6. The female teacher drew an apple on the blackboard, and then asked: What's this, little friend? The children said in unison: ass! The female teacher ran out of the classroom crying and complained to the headmaster: children laugh at people. The headmaster came into the classroom and said with a serious expression, why did you make the teacher cry? Ah! And drew an ass on the blackboard!

Comment: A woman always thinks she is right, even if she is wrong, it is a correct gesture. So we gave in!

7. A fan said to his girlfriend with great interest: Playing football is just like hooking up with people, and it takes a lot of effort. If a pair of feet can stick to the football like candy, it will be a success. The girlfriend said: Then what? Kick it away!

Comments: Women always think of themselves first, sometimes it's really a headache!

At the dinner party, rocket experts revealed to everyone: Recently, we are going to send some mice to Mars. His voice did not fall, but a beautiful woman interrupted him and said that it was too expensive to kill mice like this!

Comment: Women always feel good about themselves and don't listen to other people's opinions at all. We suffer from it!

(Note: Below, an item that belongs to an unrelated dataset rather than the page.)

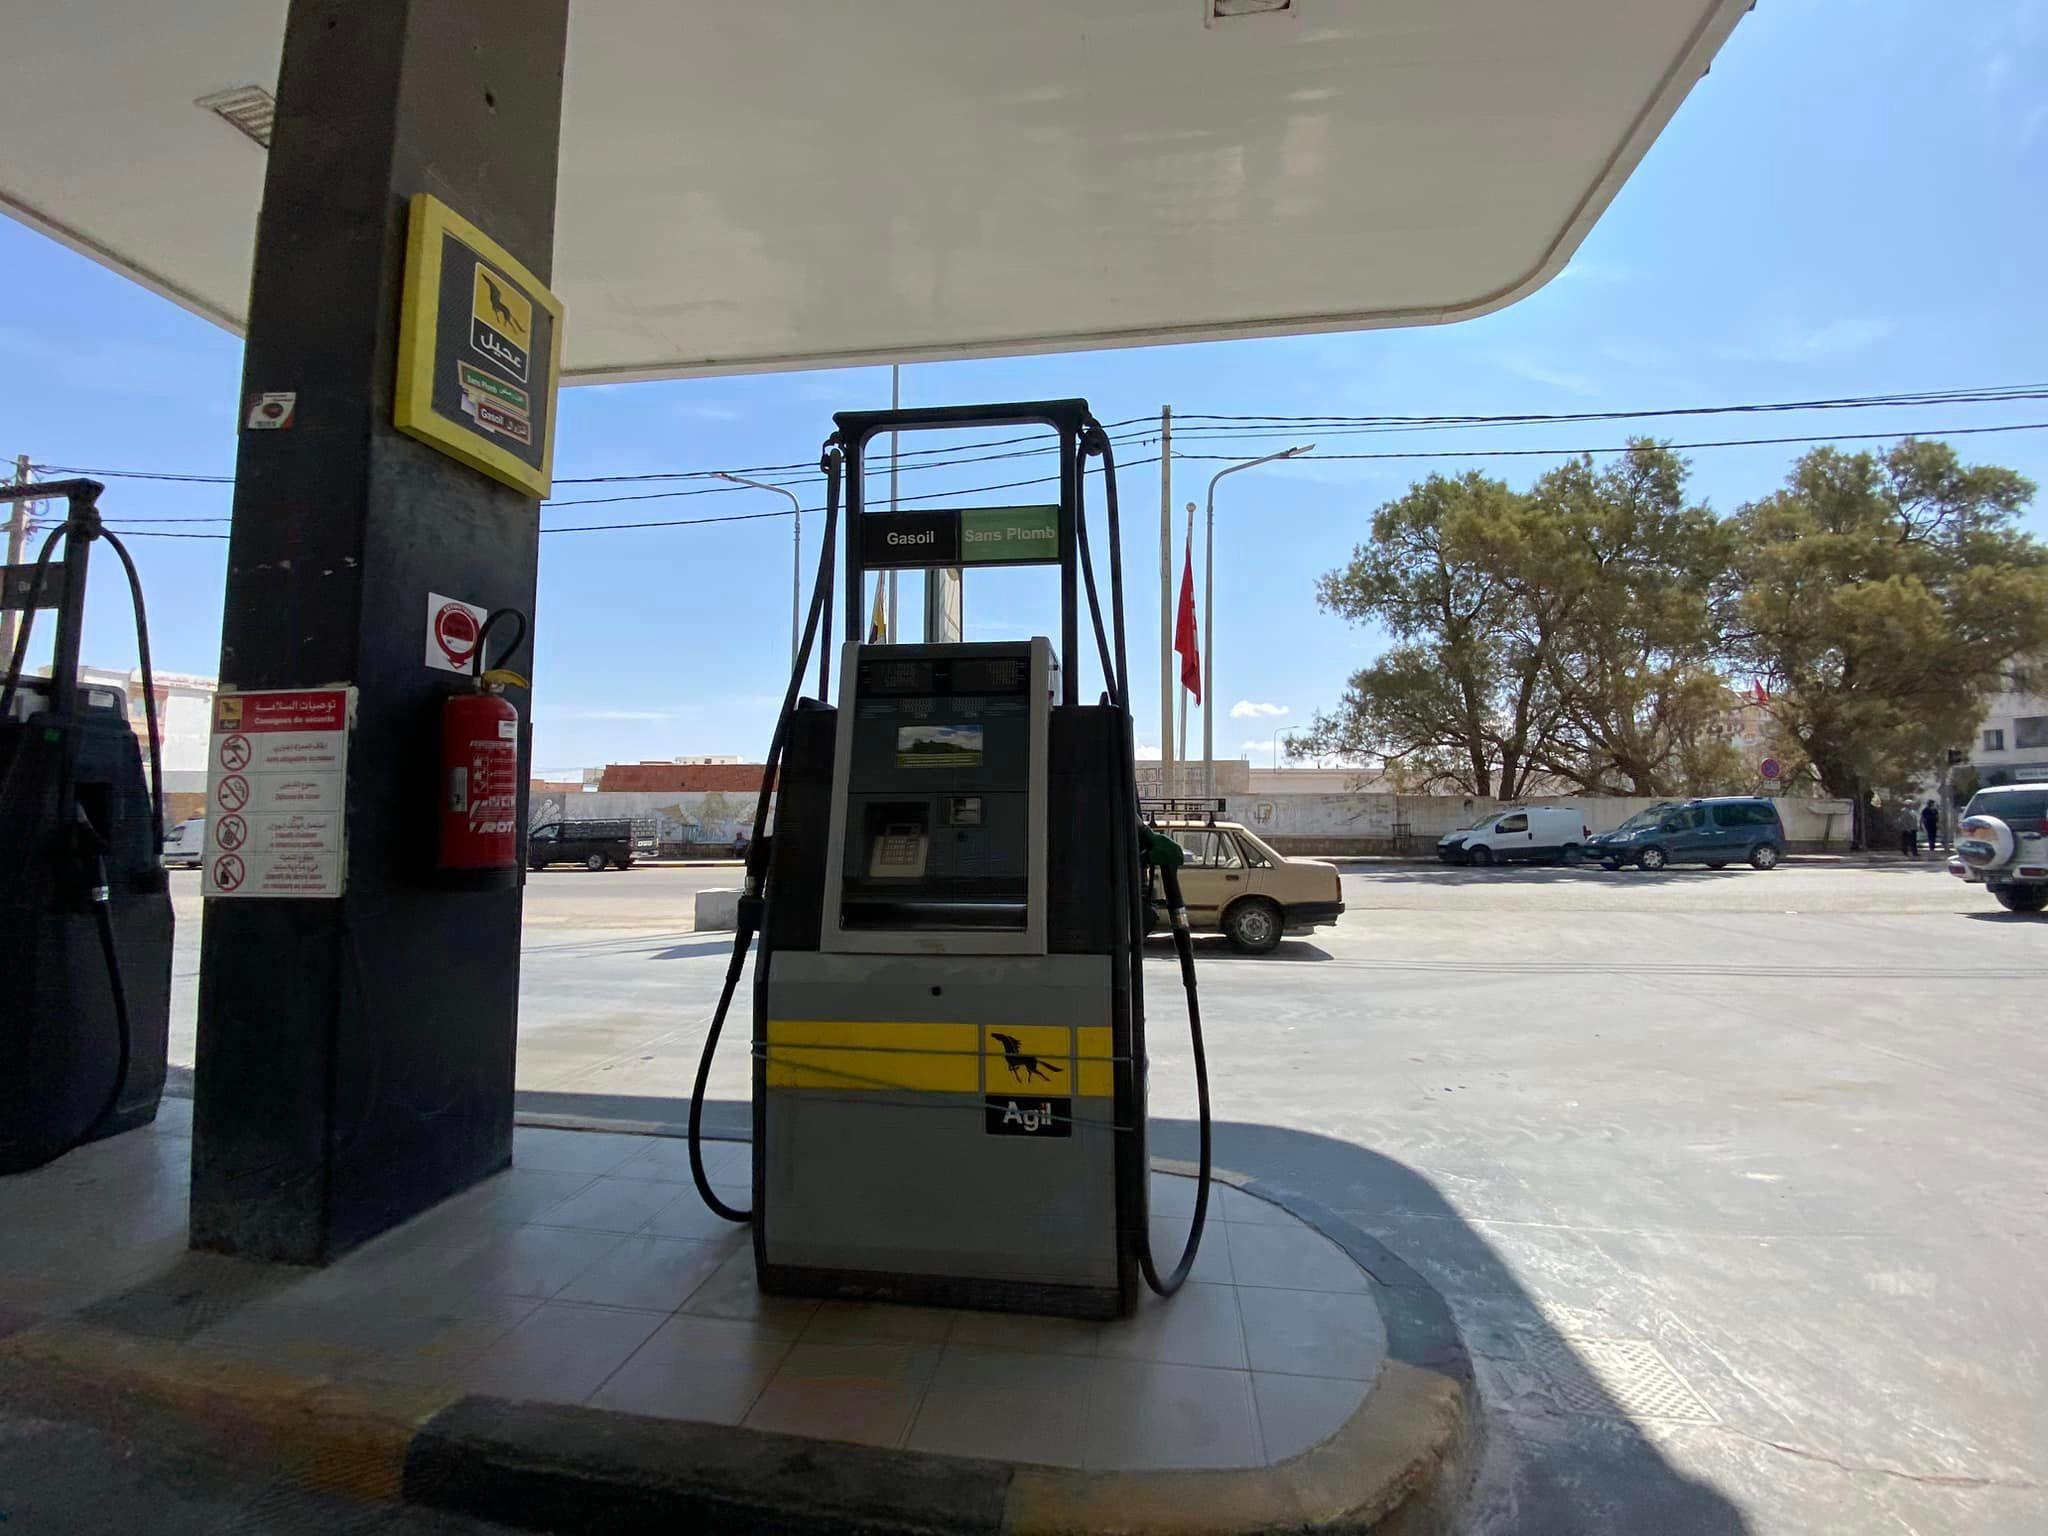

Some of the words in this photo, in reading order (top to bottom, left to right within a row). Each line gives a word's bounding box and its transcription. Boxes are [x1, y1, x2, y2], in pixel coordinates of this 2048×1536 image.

[887, 530, 935, 546] Gasoil
[964, 529, 1001, 543] Sans
[1007, 526, 1056, 541] Plomb
[1003, 1101, 1052, 1132] Agil

9. A woman walked into the post office, asked for an electronic newspaper, wrote it and threw it away. I asked for a second one and then threw it away. After the third letter was written, she handed it to the operator and asked him to send it as soon as possible. After the woman left, the operator became interested in these three telegrams. The first page says: It's all over, and I never want to see you again. On the second page, it says: Stop calling and never see me again. The third part is: Take the nearest train and I'll wait for you.

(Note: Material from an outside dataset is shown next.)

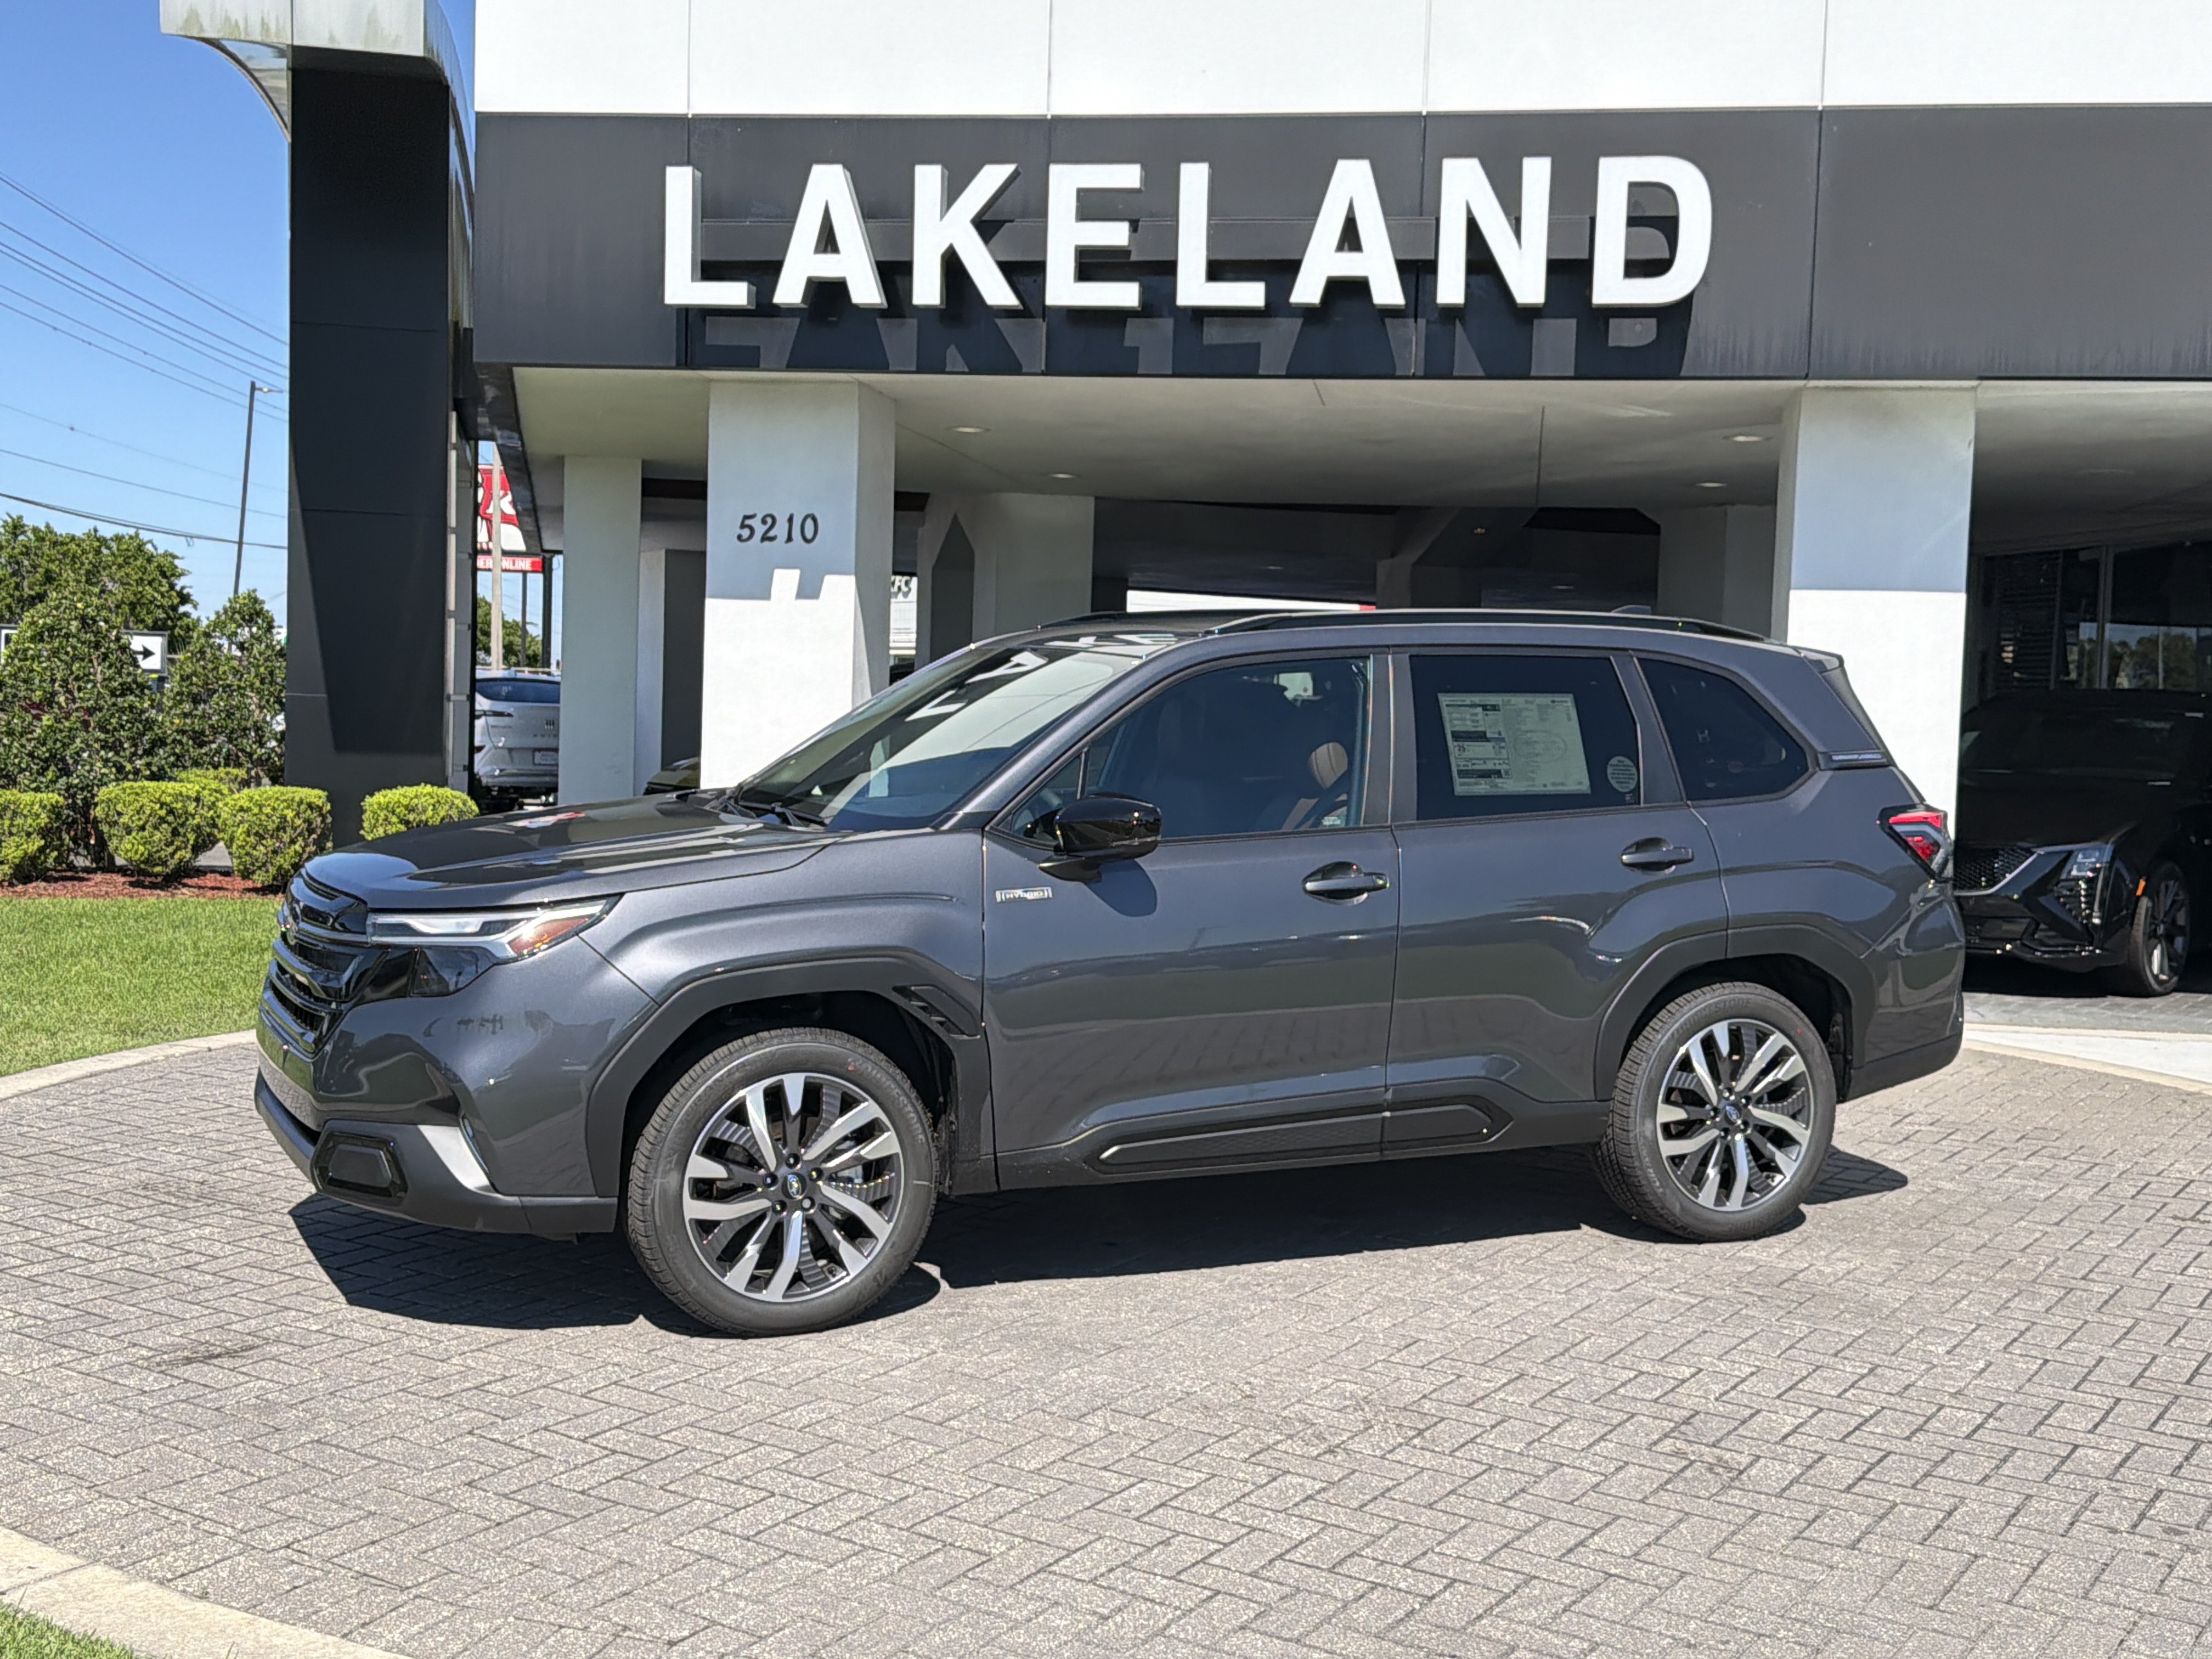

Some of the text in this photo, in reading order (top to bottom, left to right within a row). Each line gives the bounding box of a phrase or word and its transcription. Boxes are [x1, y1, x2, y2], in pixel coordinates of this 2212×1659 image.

[664, 155, 1713, 310] LAKELAND
[736, 513, 819, 544] 5210
[501, 558, 532, 570] NLINE

Comment: Most women are capricious, and dealing with them is a constant struggle.

10, a blonde got on the plane and sat in first class. The stewardess came over to check in and told her: your ticket is ordinary class and you can't sit here. The woman said:? I'm white, I'm beautiful, and I want to fly first class to Los Angeles? . The stewardess had no choice but to report to the team leader. The team leader explained to the beauty: I'm sorry! You didn't get a first-class ticket, so you can only take a regular class. ? I'm white, I'm beautiful, and I want to fly first class to Los Angeles? . Beauty still repeats that sentence. The captain had no choice but to call the captain again. The captain leaned over and whispered a few words to the beauty, who immediately stood up and strode to the ordinary cabin. The stewardess was surprised and asked the captain what he said to the beautiful woman. The captain replied: I told her that first class would not go to Los Angeles.

Comment: Advise women to rely on wisdom, not reason!